PROBLEM:
With the images removed, write out each record exactly as given.

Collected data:
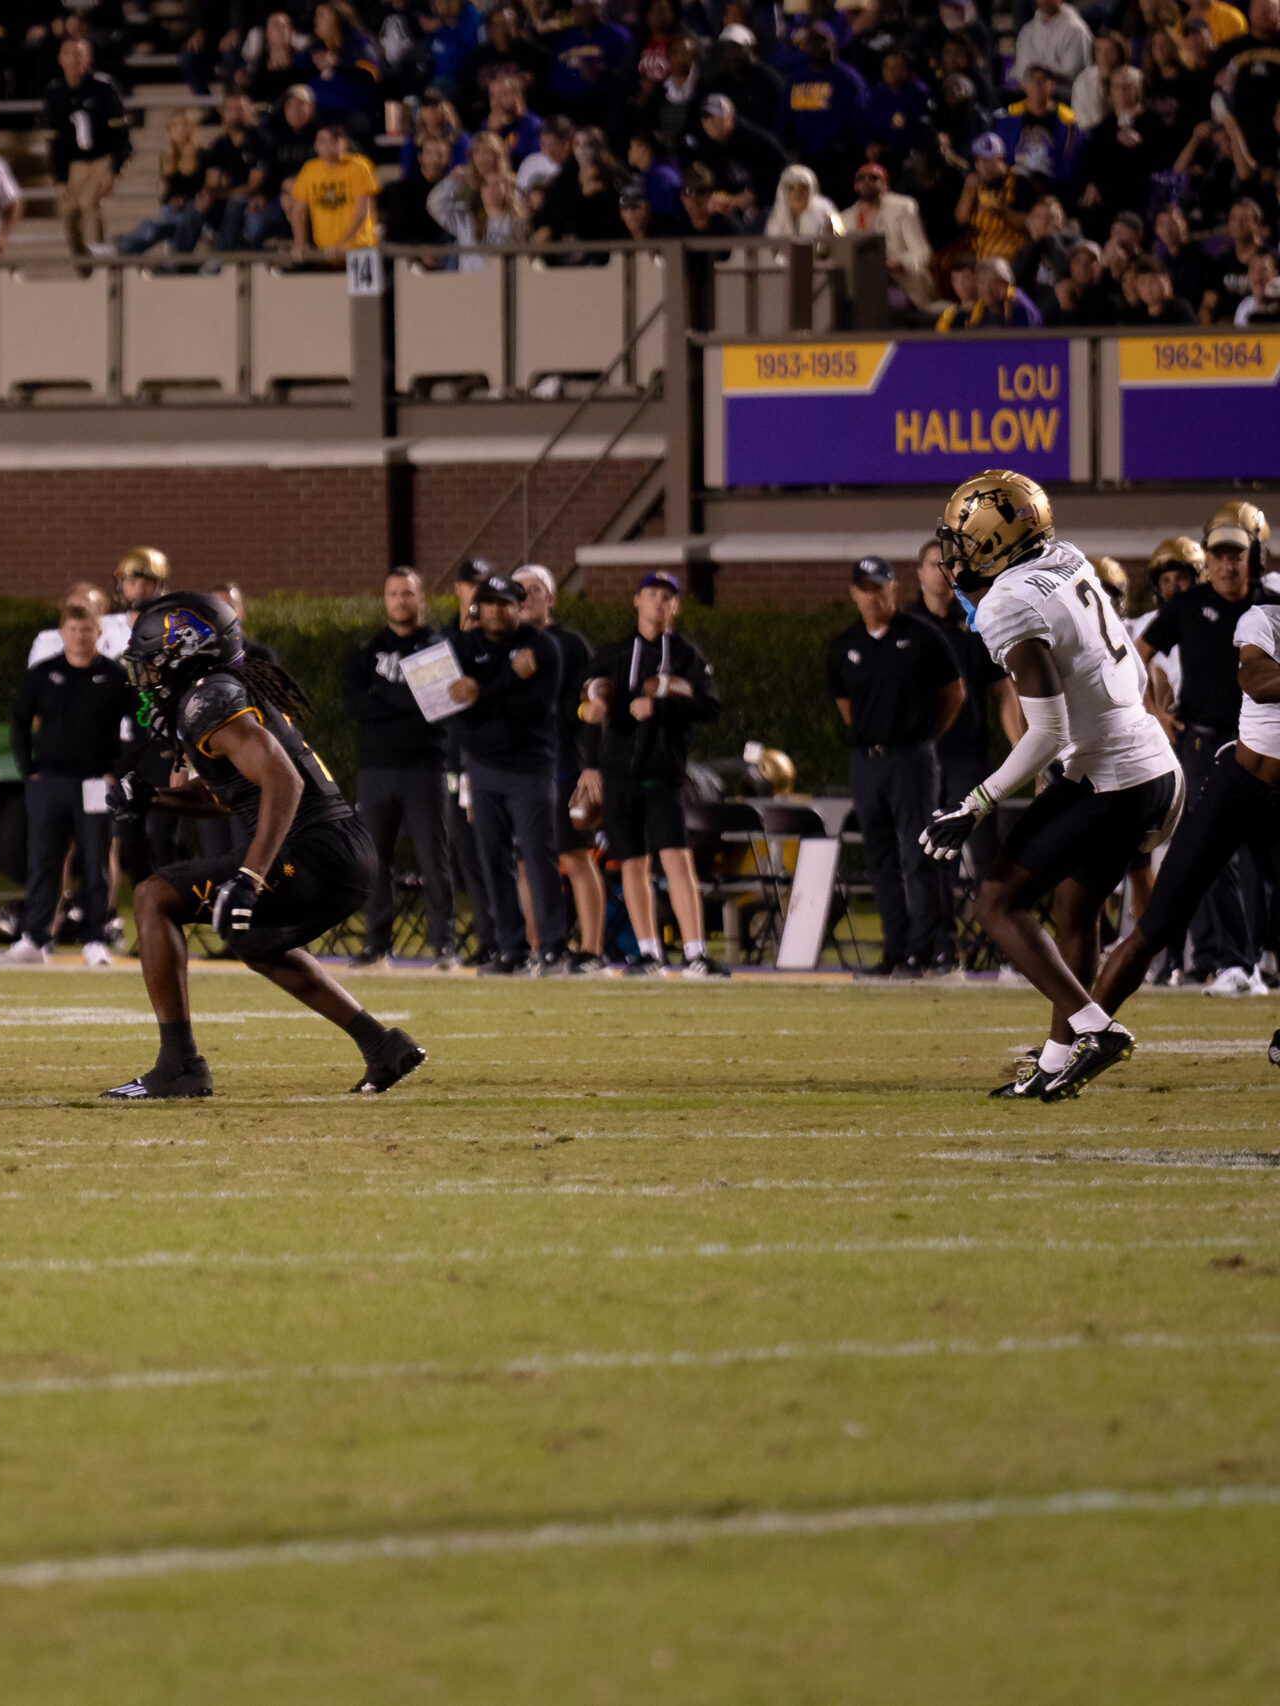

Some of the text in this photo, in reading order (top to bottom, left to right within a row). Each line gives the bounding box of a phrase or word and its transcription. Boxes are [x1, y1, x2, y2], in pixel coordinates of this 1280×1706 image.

[351, 256, 373, 289] 14
[755, 350, 858, 379] 1953-1955
[1153, 342, 1263, 370] 1962-1964
[998, 364, 1061, 401] LOU
[895, 407, 1061, 455] HALLOW
[1075, 578, 1128, 665] 2

OUTPUT BELOW:
Some of the text in this photo, in reading order (top to bottom, left to right within a row). Each line gives the bounding box of a phrase or word and its transcription. Boxes are [x1, y1, x2, y2], in pixel coordinates of this 1280×1706 image.

[351, 256, 373, 289] 14
[755, 350, 858, 379] 1953-1955
[1153, 342, 1263, 370] 1962-1964
[998, 364, 1061, 401] LOU
[895, 407, 1061, 455] HALLOW
[1075, 578, 1128, 665] 2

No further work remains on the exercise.